A bearing surface must be provided for the steady rest jaws. The bearing surface is usually machined directly on the work, as shown in Figure 7-106. When the work is too small in diameter to machine the bearing surface or shaped so that it would be impractical to machine one, you can use a cathead to provide the bearing surface. The cathead shown in Figure 7-27, has a bearing you surface, a hole through which the work extends, and adjusting screws. The adjusting screws fasten the cathead to the work. They are also used to align the bearing surface so can use a cathead to provide the bearing surface so that t is concentric to the work axis. Use a dial indicator to ensure concentricity.

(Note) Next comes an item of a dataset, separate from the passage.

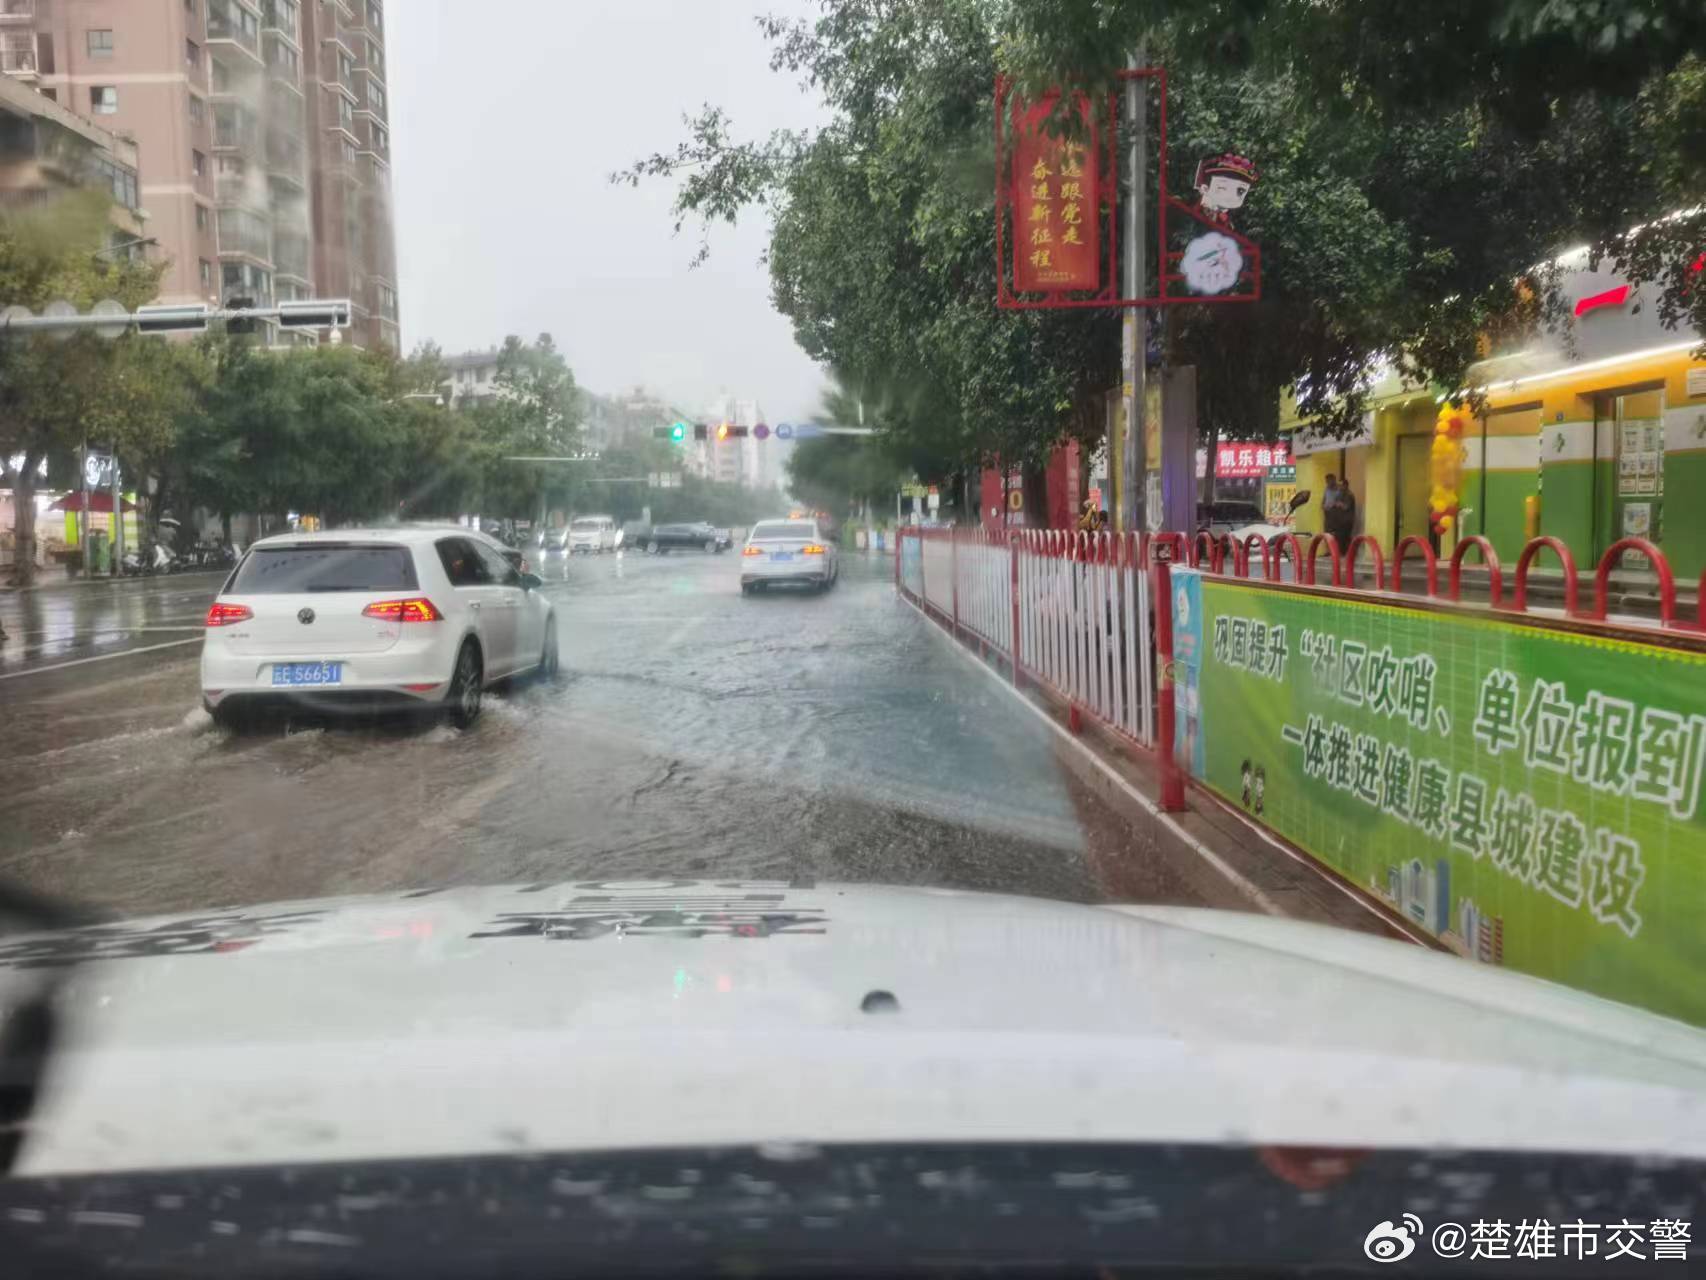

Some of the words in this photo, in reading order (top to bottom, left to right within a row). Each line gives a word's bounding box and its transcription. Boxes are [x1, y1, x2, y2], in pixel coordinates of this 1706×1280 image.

[1029, 157, 1052, 268] 奋进新征程
[1282, 714, 1644, 938] 一体推进健康县城建设

*Setting up the Steady Rest*

To setup the rest, first machine and polish the portion of the work that is to be used as the bearing surface. Clean the portion of the ways where the steady rest is to be mounted, place the steady rest on the ways and clamp loosely. Open the top of the steady rest and place the workpiece in the chuck with the bearing surface over the adjustable jaws. Clamp the steady rest securely to the ways. Close the top of the steady rest and adjust the jaws to the workpiece. There should be 0.001 inch clearance between the jaws and the workpiece. Tighten the locking screws on the adjustable jaws. Lubricate the bearing surface generously with a heavy oil before turning the lathe on. Proceed with the machining operation Continuously watch the bearing surface and the adjustable jaws to ensure a film of heavy oil is between them. As the machining operation continues, also check the bearing surface and adjustable jaws as when the workpiece heats up it will expand, closing the distance between the jaws and the workpiece.

*Using Steady Rest with Headstock Center*

When it is not possible to hold the work in the chuck, you can machine with one end supported by the headstock center and the other end supported by the steady rest. Use a leather strap or rawhide thong to tie the work to the driveplate and to prevent it from moving off the headstock center, as shown in Figure 7-107. Mount the work between centers and machine the bearing surface. Set up the steady rest. With the work mounted between the centers, tie the lathe dog, then remove the tailstock center and perform the necessary machining.




*Using the Follower Rest*

Long slender shafts that tend to whip and spring while they are being machined require the use of a follower rest (Figure 7-27). The follower rest is fastened to the carriage and moves with the cutting tool. The upper jaw prevents the work from climbing the cutting tool. The lower jaw prevents the work from springing away from the cutting tool The follower rest jaws are adjusted in the same manner as steady rest jaws. The follower rest is often used when long, flexible shafts are threaded, as shown in Figure 7-108. At the completion of each threading cut, remove any burrs that may have formed to prevent them from causing the work to move out of alignment.